* BRIEF:
Reproduce the records starting at the line that contains "this 1600×1066 image." and running to the last line, exactly and in full.

(MATERIAL SUPPLIED Opens)

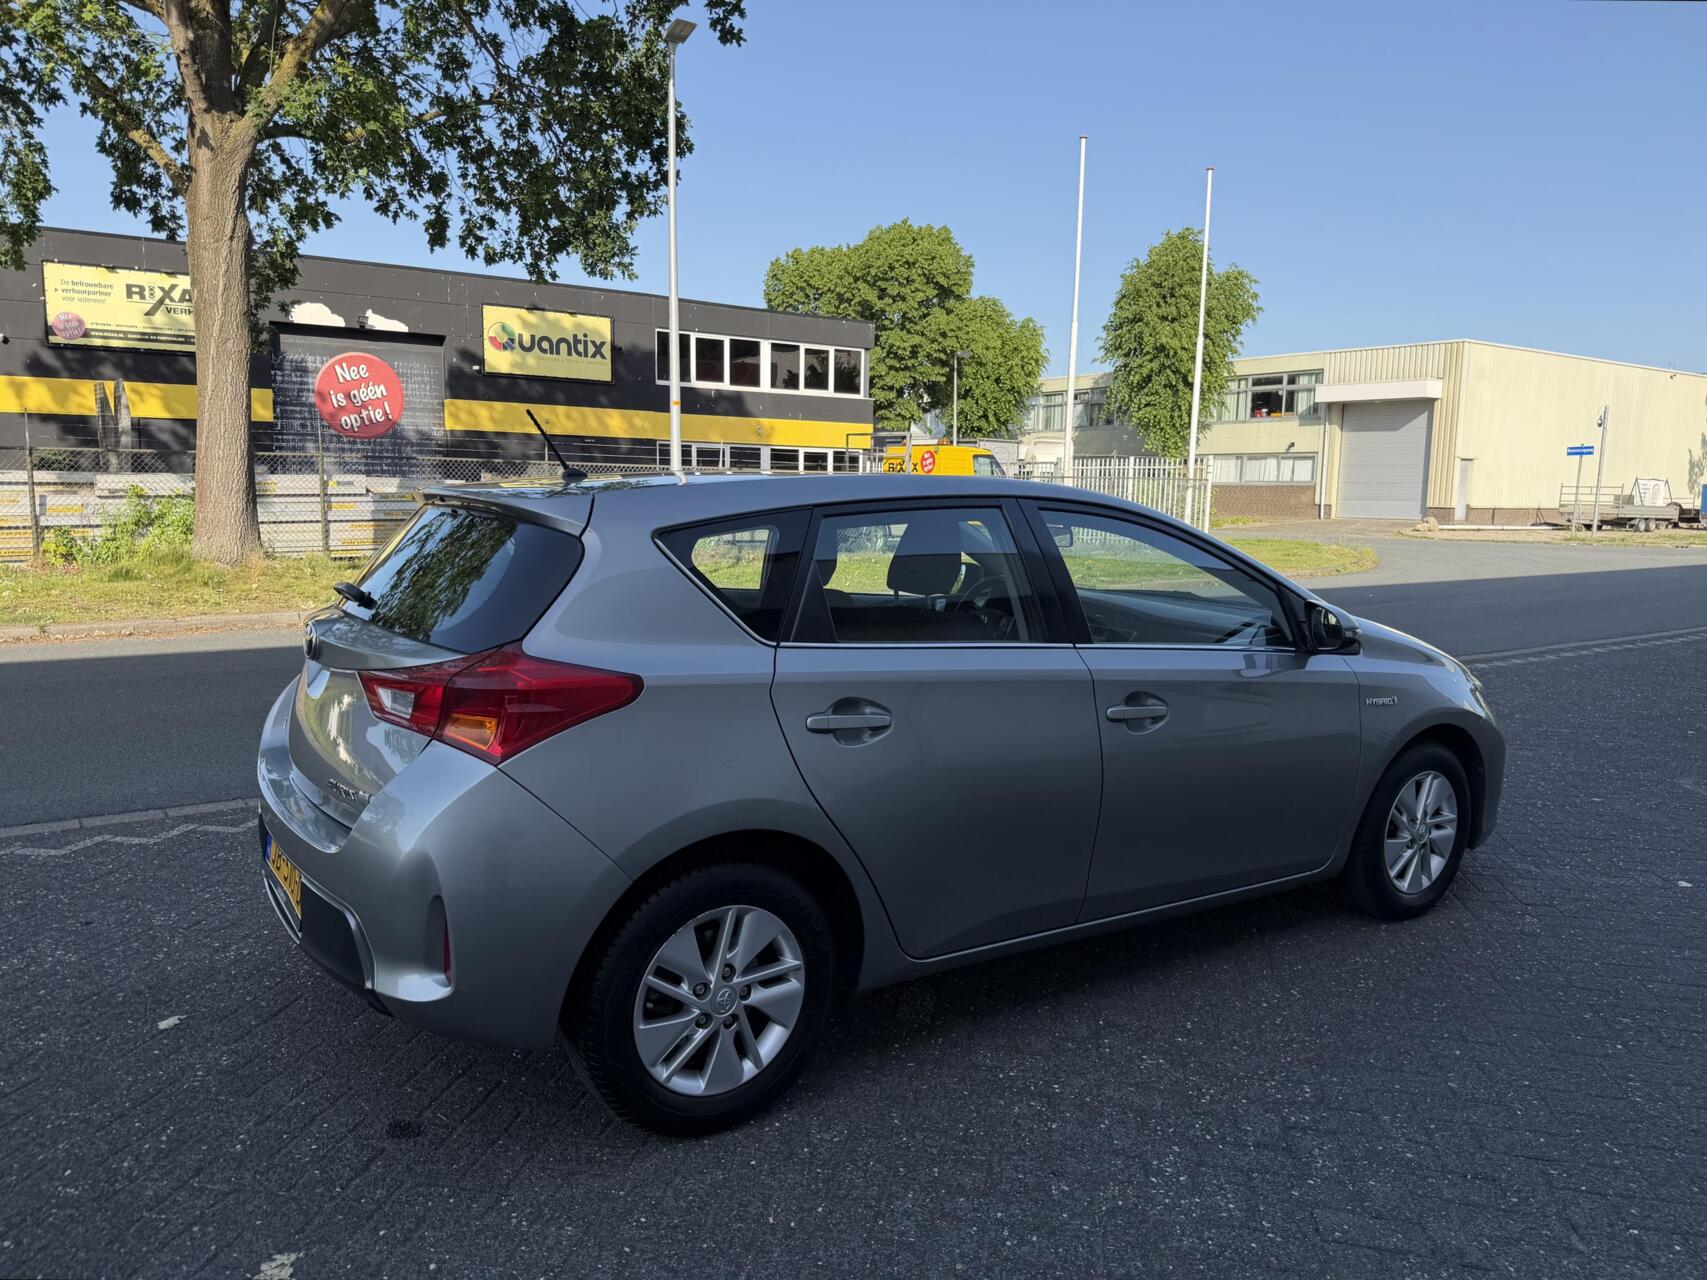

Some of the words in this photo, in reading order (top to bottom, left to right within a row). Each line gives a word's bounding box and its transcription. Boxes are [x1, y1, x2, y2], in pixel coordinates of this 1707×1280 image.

[61, 288, 111, 297] verhuurpartner
[72, 280, 114, 289] betrouwbare
[487, 321, 608, 360] Quantix
[334, 362, 369, 383] Nee
[329, 389, 347, 408] is
[350, 381, 388, 407] géén
[340, 401, 393, 432] optie!
[1366, 697, 1394, 705] HYBRID
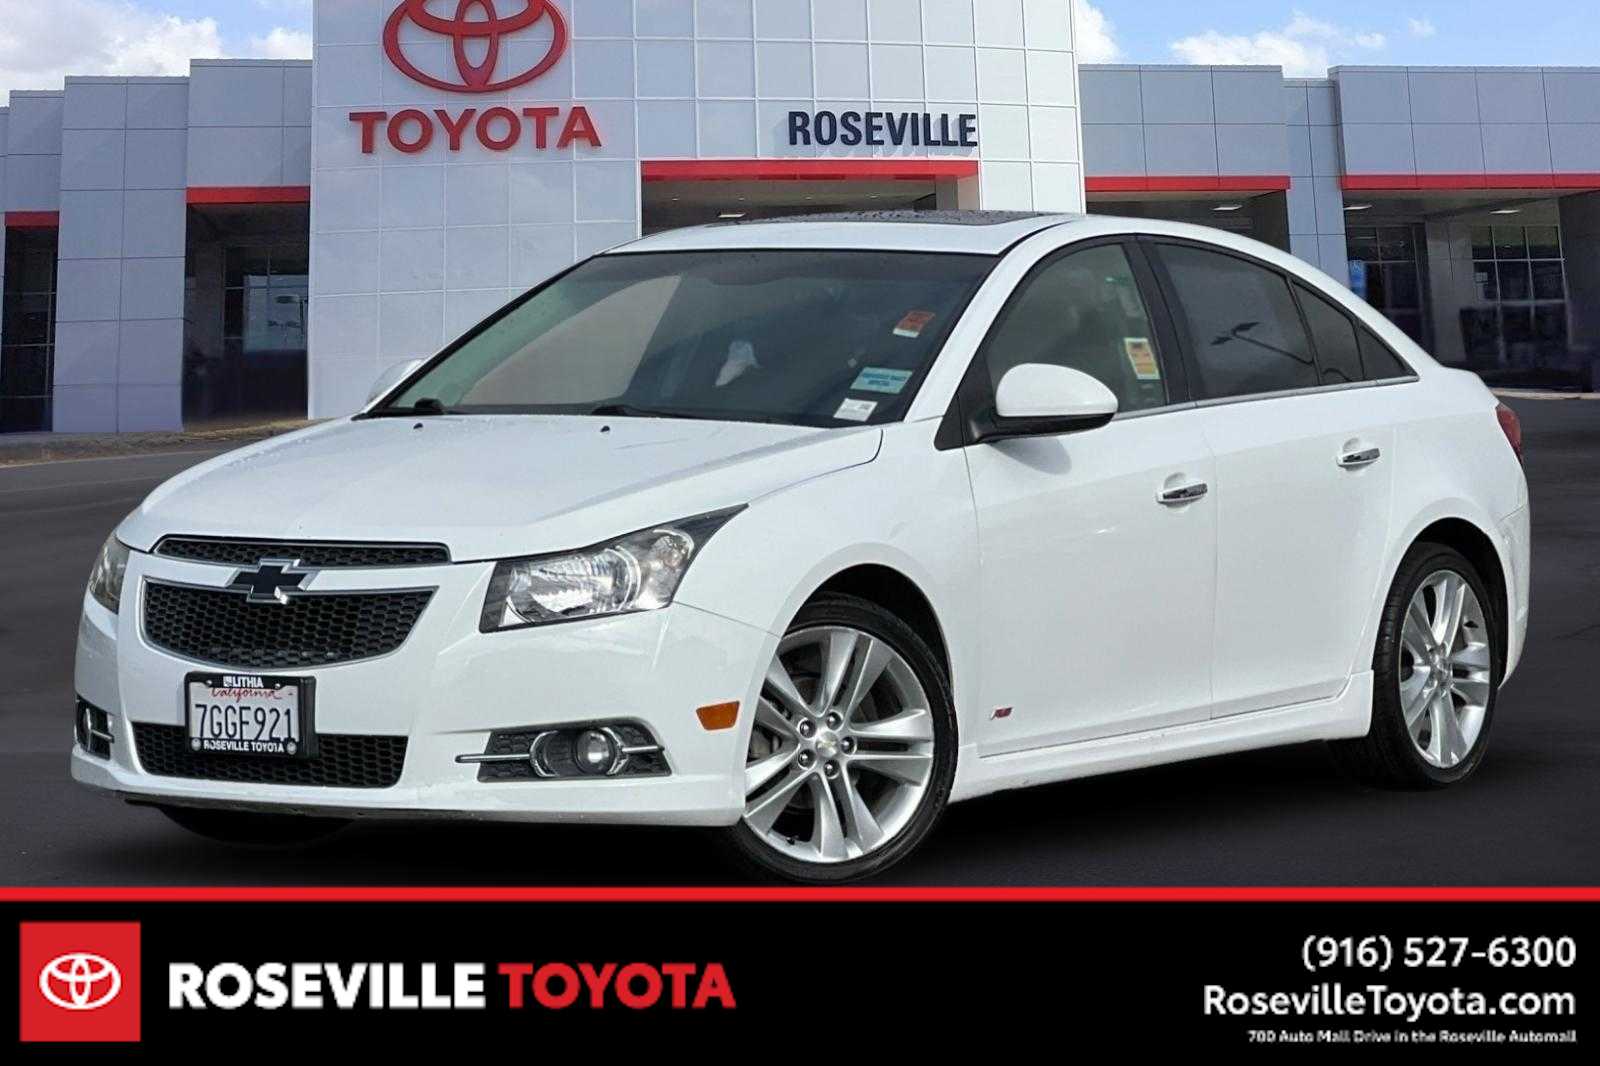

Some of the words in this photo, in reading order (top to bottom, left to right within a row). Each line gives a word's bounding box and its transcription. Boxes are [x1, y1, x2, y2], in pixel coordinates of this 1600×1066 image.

[350, 106, 602, 153] TOYOTA
[788, 111, 978, 147] ROSEVILLE
[232, 676, 264, 688] LITHIA
[195, 704, 292, 741] 7GGF921
[203, 740, 250, 752] ROSEVILLE
[251, 741, 285, 753] TOYOTA

(MATERIAL SUPPLIED Closes)

* REPLY:
Some of the words in this photo, in reading order (top to bottom, left to right within a row). Each line gives a word's bounding box and its transcription. Boxes are [x1, y1, x2, y2], in pixel coordinates of this 1600×1066 image.

[350, 106, 602, 153] TOYOTA
[788, 111, 978, 147] ROSEVILLE
[232, 676, 264, 688] LITHIA
[195, 704, 292, 741] 7GGF921
[203, 740, 250, 752] ROSEVILLE
[251, 741, 285, 753] TOYOTA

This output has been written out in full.